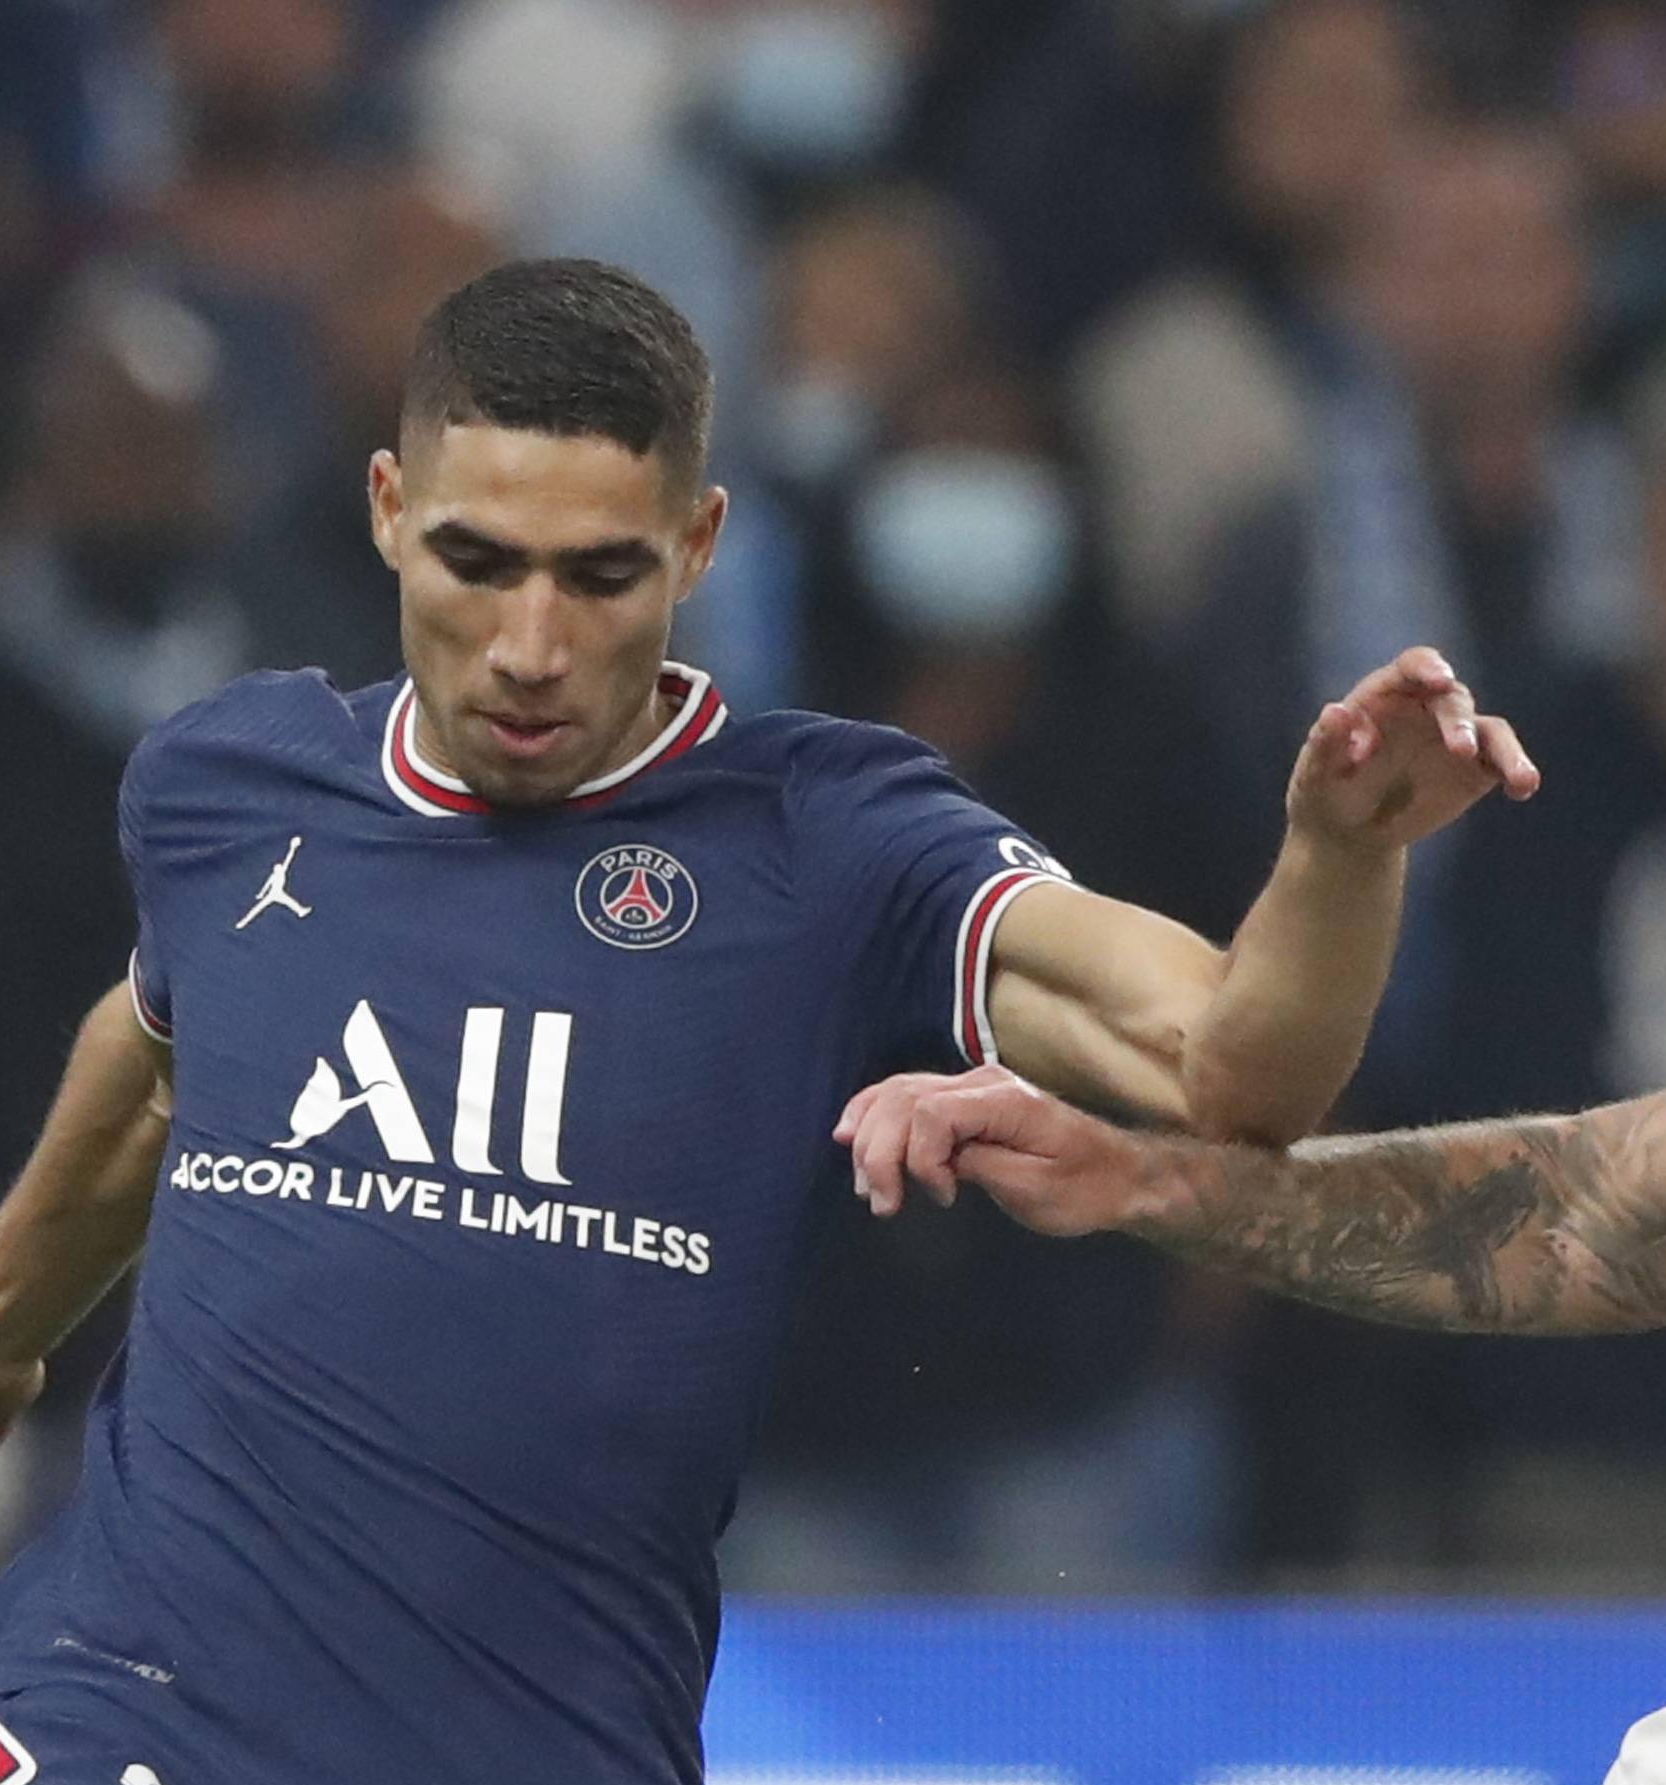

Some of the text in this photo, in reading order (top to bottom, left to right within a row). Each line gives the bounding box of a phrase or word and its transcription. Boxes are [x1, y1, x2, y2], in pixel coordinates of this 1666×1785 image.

[599, 849, 679, 881] PARIS
[170, 1152, 712, 1275] ACCOR LIVE LIMITLESS
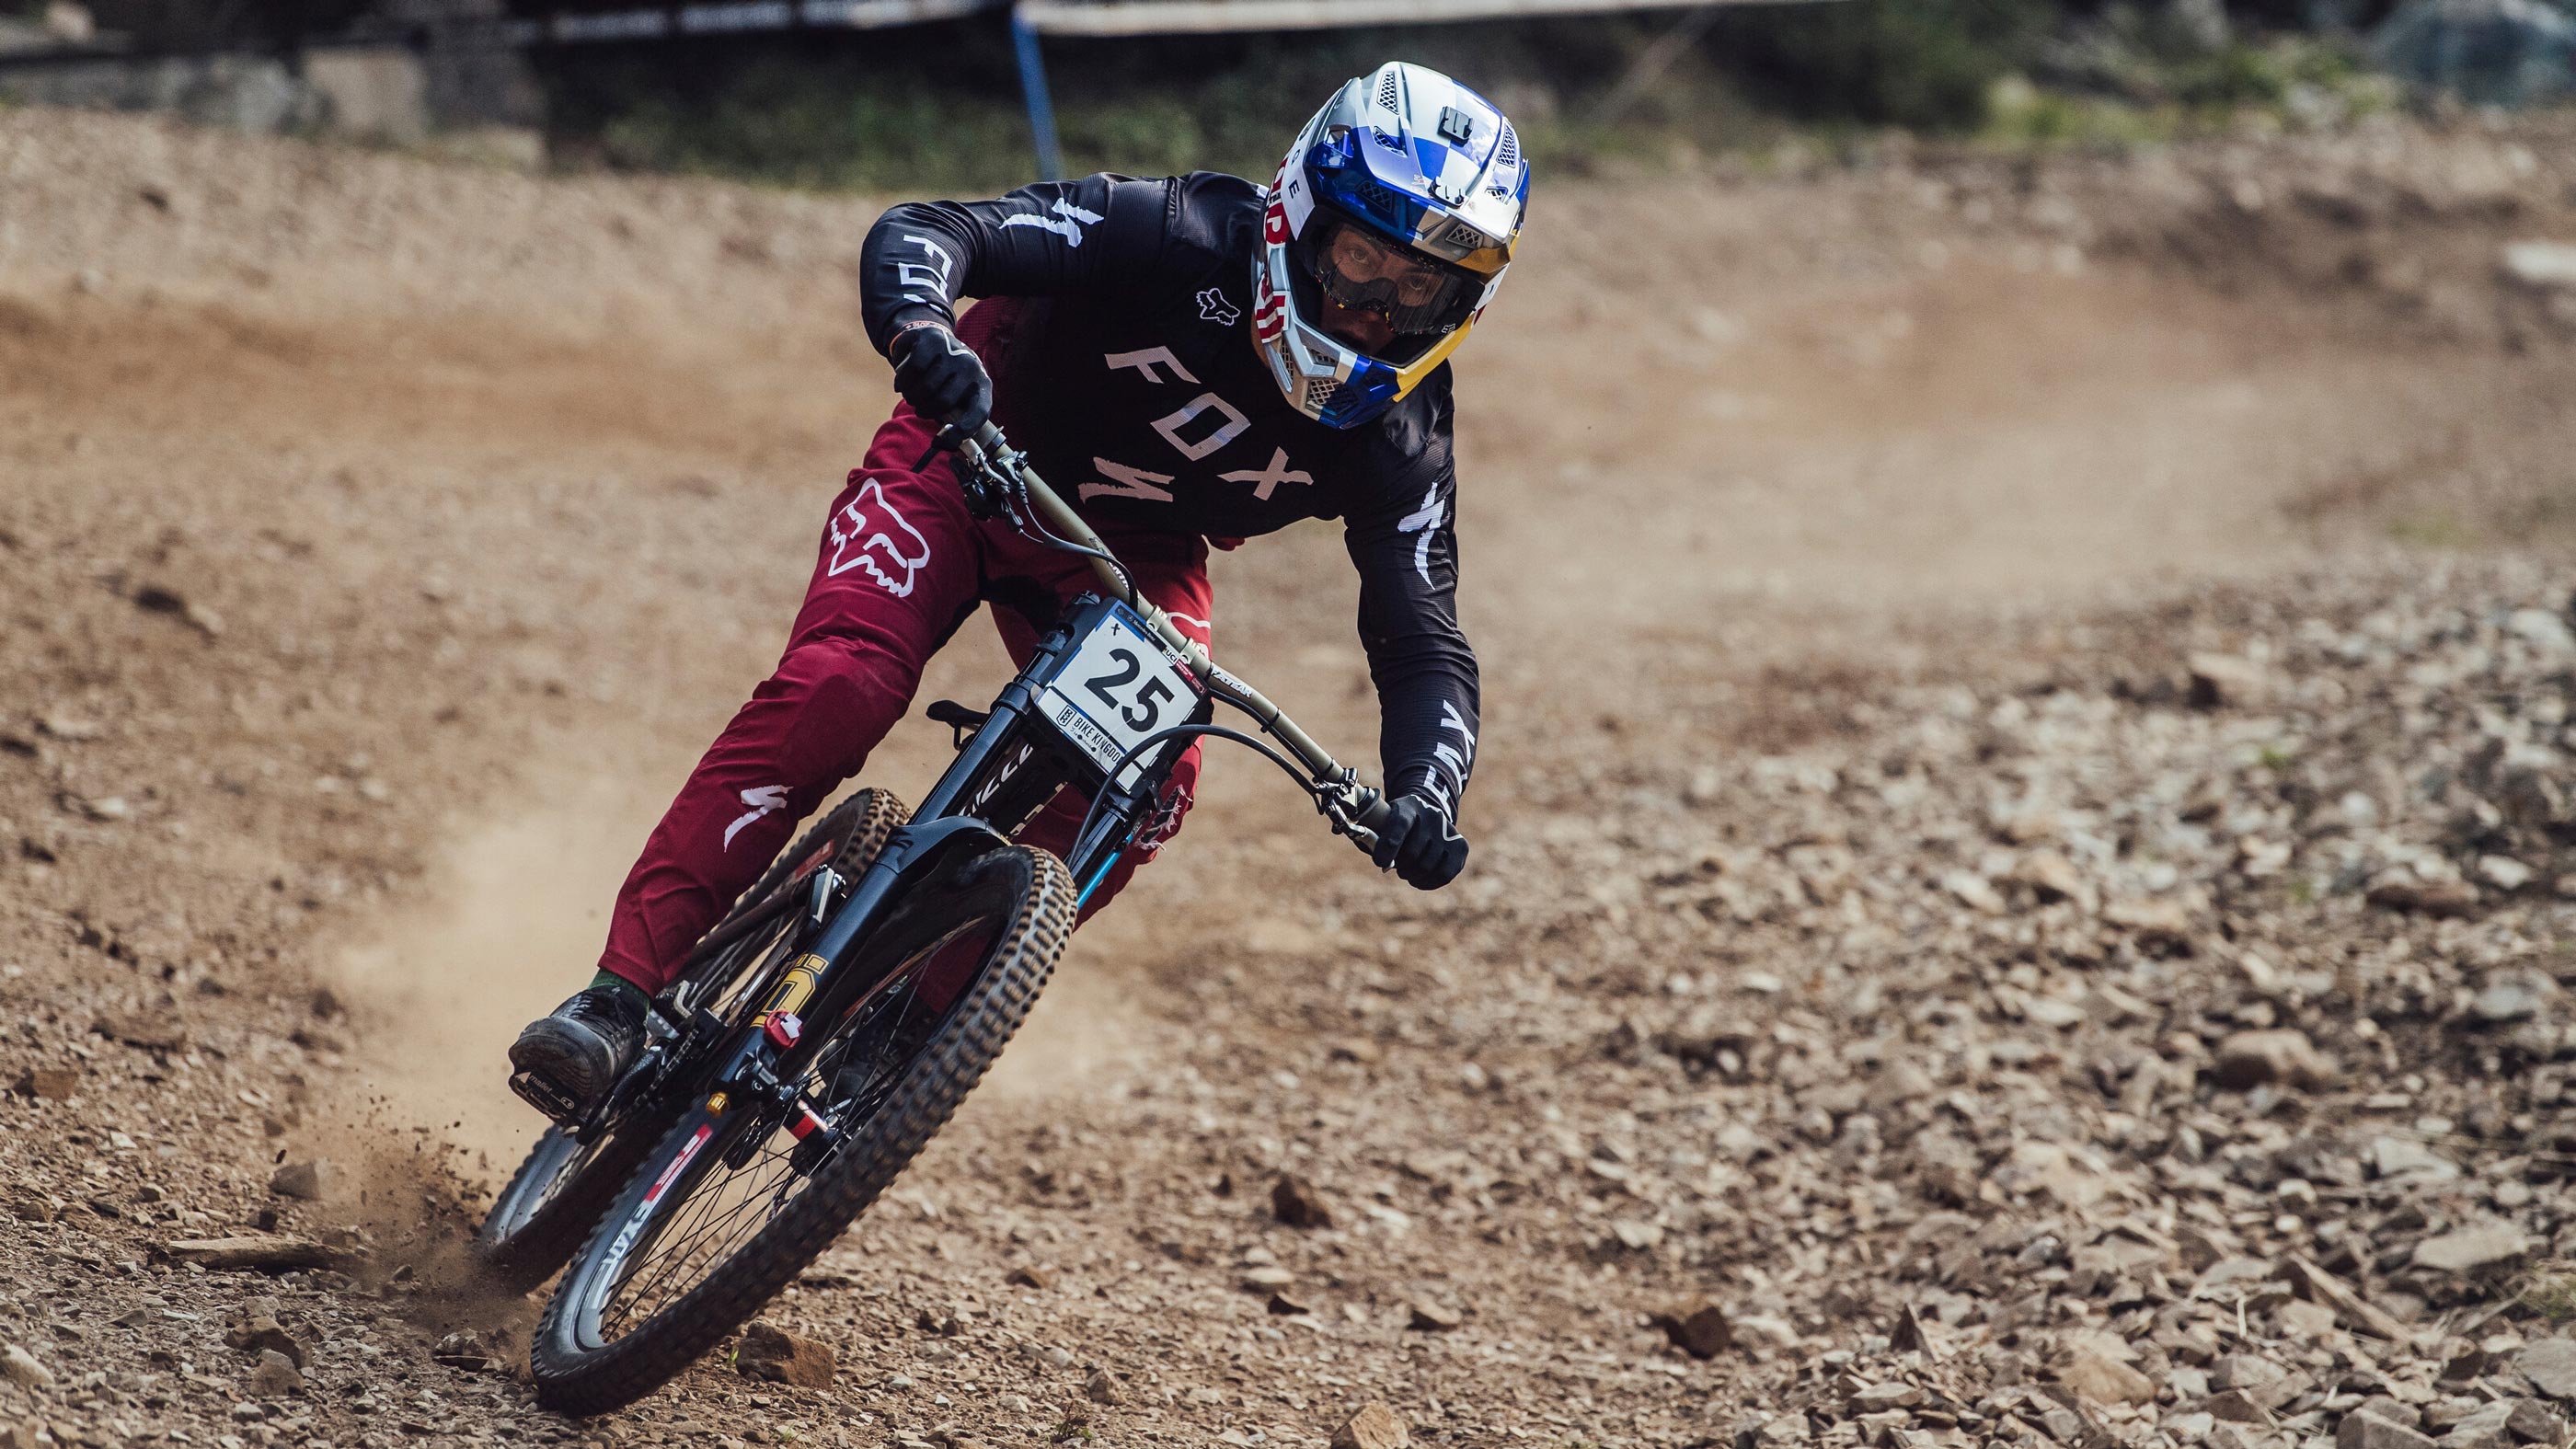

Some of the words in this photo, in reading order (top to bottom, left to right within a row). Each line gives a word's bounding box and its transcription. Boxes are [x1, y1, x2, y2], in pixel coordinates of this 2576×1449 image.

[1104, 345, 1314, 501] FOX
[1165, 648, 1179, 664] UCI
[1084, 647, 1175, 733] 25
[1074, 718, 1094, 738] BIKE
[1092, 733, 1123, 764] KINGDO
[528, 1075, 554, 1093] mallet

------------

:: Exercise brief ::
Omitting all pictures, reproduce the records above in their entirety.

:: Response box ::
Some of the text in this photo, in reading order (top to bottom, left to right within a row). Each line gives the bounding box of a phrase or word and its transcription. Boxes are [x1, y1, x2, y2], in pixel coordinates of this 1666×1785 image.

[599, 849, 679, 881] PARIS
[170, 1152, 712, 1275] ACCOR LIVE LIMITLESS

Some of the words in this photo, in reading order (top to bottom, left to right within a row). Each line gives a word's bounding box and its transcription. Boxes are [x1, y1, x2, y2], in pixel coordinates of this 2576×1449 image.

[1104, 345, 1314, 501] FOX
[1165, 648, 1179, 664] UCI
[1084, 647, 1175, 733] 25
[1074, 718, 1094, 738] BIKE
[1092, 733, 1123, 764] KINGDO
[528, 1075, 554, 1093] mallet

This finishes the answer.